Action item
Every line with the word "text" in it should be extracted from the data that follows.

Material for this task
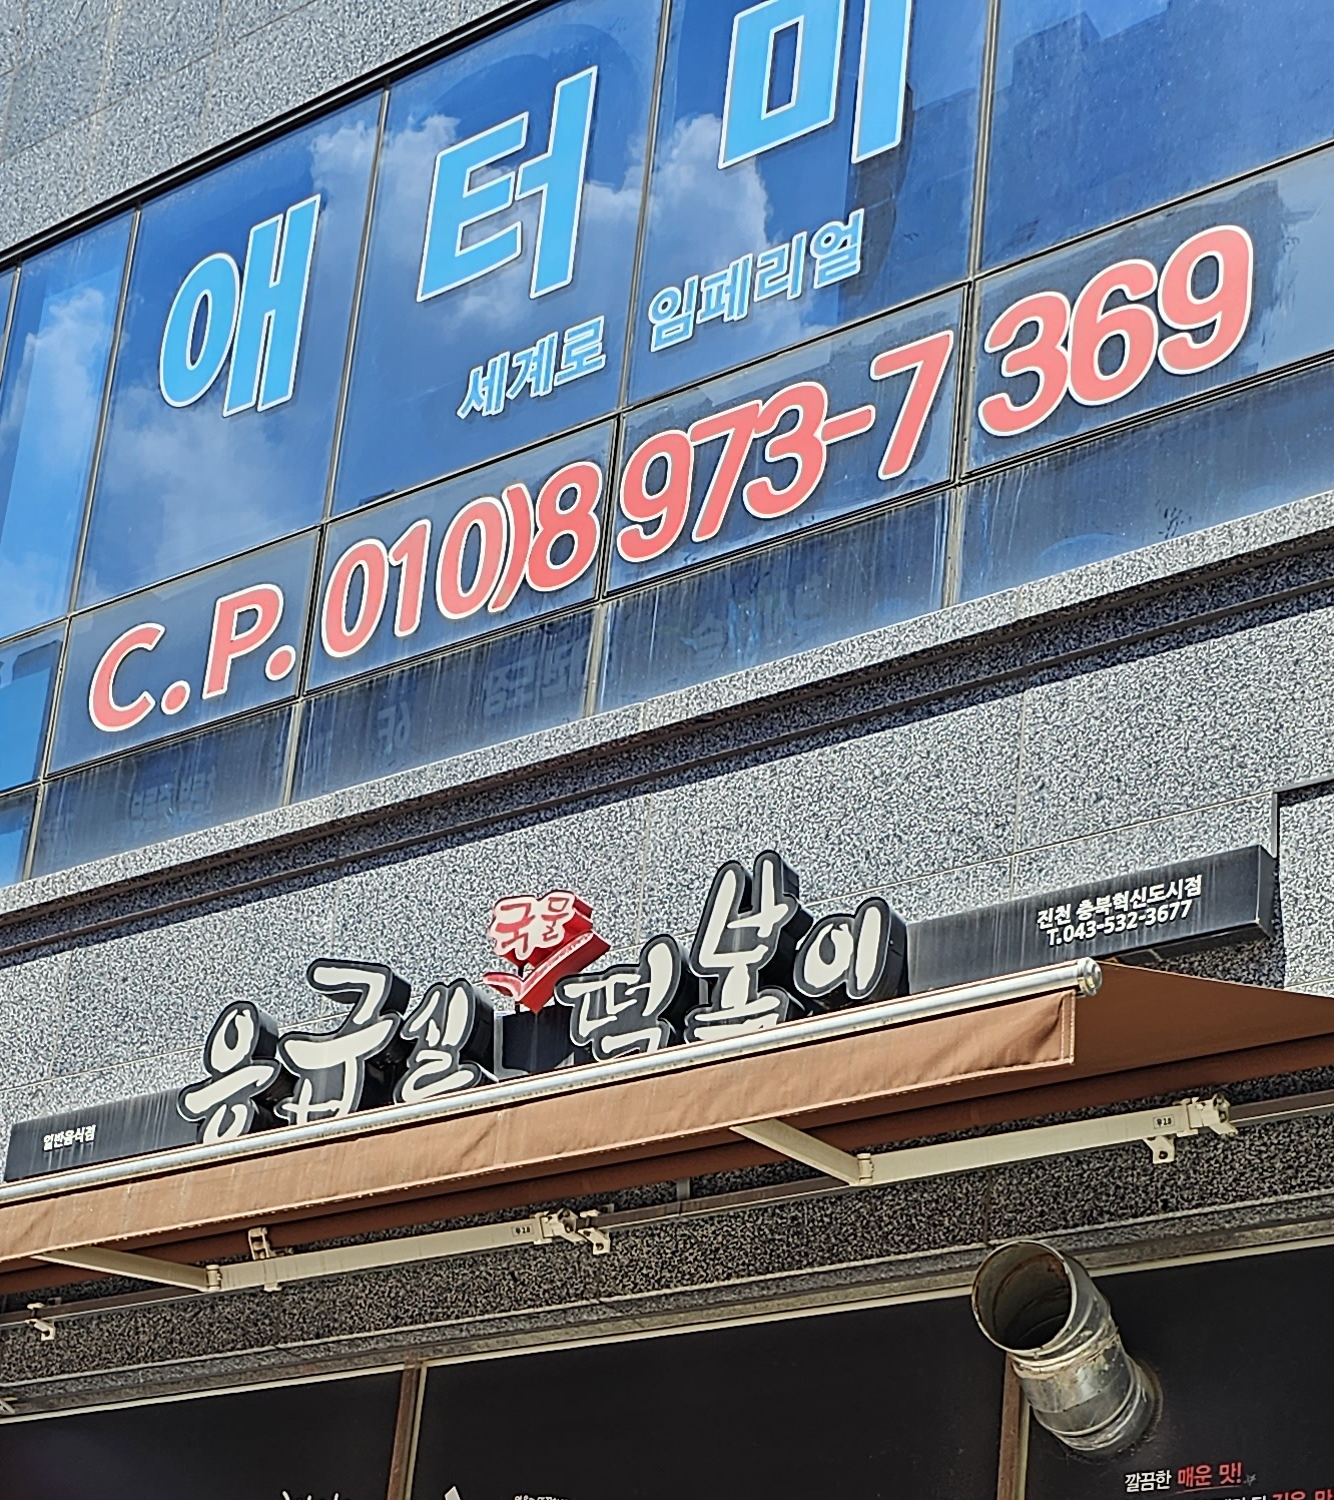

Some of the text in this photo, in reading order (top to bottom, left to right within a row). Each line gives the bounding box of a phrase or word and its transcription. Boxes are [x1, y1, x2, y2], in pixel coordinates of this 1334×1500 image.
* * *
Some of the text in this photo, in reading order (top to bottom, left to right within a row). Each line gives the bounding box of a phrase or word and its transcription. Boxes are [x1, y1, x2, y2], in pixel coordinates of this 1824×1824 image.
==
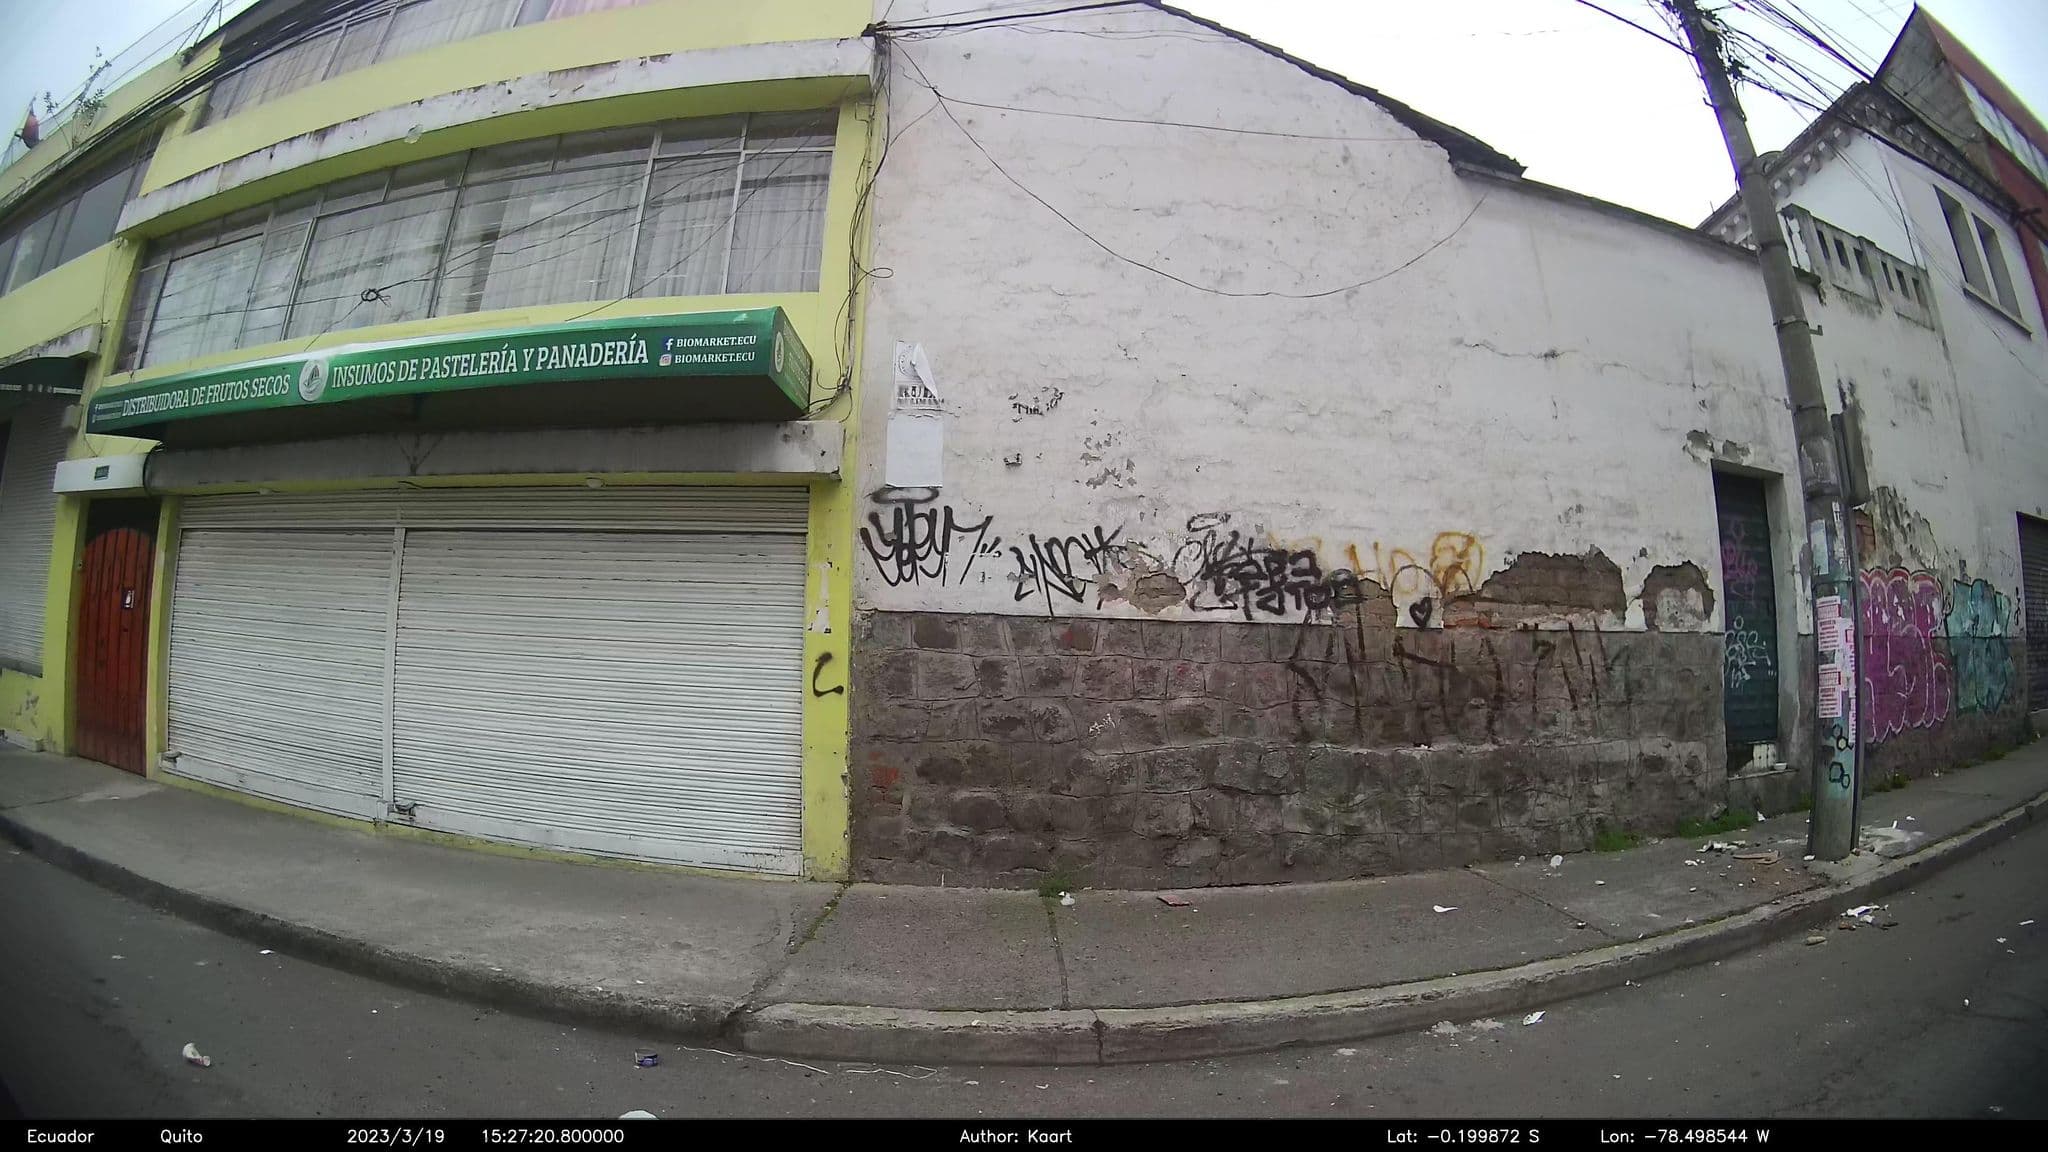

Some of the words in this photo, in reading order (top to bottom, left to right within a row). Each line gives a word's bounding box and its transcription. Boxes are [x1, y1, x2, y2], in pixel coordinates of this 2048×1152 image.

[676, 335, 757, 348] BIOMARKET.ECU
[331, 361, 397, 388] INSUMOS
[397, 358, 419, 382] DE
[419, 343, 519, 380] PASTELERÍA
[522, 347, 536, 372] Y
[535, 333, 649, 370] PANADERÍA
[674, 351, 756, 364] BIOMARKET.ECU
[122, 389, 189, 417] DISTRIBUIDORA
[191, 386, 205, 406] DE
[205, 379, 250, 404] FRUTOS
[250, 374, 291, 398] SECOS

Result
Some of the text in this photo, in reading order (top to bottom, left to right within a row). Each line gives the bounding box of a phrase or word and its transcription. Boxes are [x1, y1, x2, y2], in pixel coordinates of this 1334×1500 image.
Some of the text in this photo, in reading order (top to bottom, left to right within a row). Each line gives the bounding box of a phrase or word and its transcription. Boxes are [x1, y1, x2, y2], in pixel coordinates of this 1824×1824 image.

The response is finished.